The Black Mysteries, Part II

By Ed Greenwood

First, take a look at thaebra and maeraede.

Thaebra: Thaebra ("THAY-bruh") is a dark blue, sticky paste that glistens when smeared onto a surface, but soon dries and hardens. Despite its blue color, Thaebra doesn't leave a stain. To make it, one boils the roots of certain plants found in the Shaar and adjoining lands (a tall, broadleaf grass; a small bright yellow ground-flower; and a tumbleweed, though precisely which ones are closely-guarded secrets) together in the same cauldron, stirring constantly.

Hardened thaebra is very like dried hummus or badly set plaster, and it can be scraped or rubbed off flexible surfaces such as cloth and flesh. Heat, flame, and impacts do nothing to ignite it -- you must drop maeraede oil on it (see Thaebra-Maeraede Firebirth Alchemical).
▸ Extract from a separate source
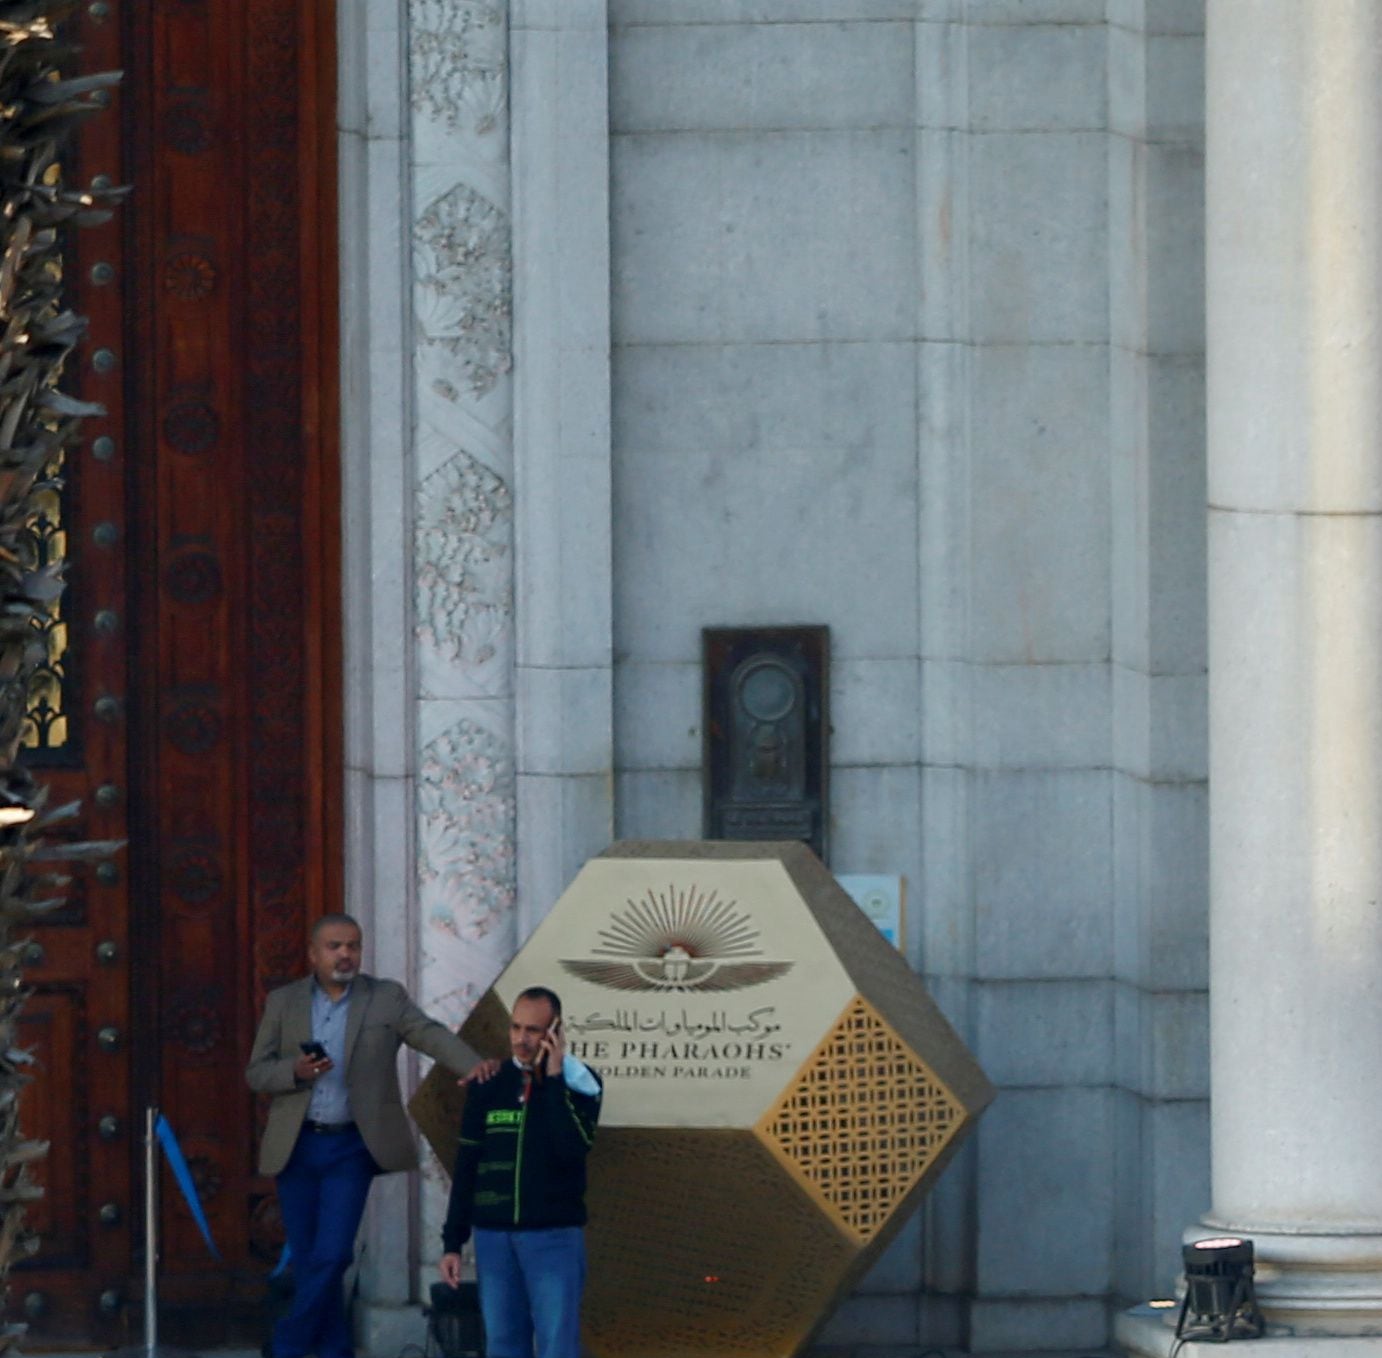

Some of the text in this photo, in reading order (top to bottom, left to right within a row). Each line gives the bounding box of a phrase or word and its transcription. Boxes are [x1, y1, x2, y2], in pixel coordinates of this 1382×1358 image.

Merchants sometimes sell thaebra as a cosmetic because if smeared on skin, left for the better part of a day, and then removed, it takes most dyes and stains with it. It can also bleach to white any known hair, of any hue, when washed in water that contains as much powdered thaebra as will fill a fairly small human palm. Thaebra usually costs 8 gp for a small, palm-sized pot (4 ounces). This price can double easily if both buyer and seller know of the combined combustible qualities of thaebra and maeraede (see maeraede), and the buyer reveals any urgency of need.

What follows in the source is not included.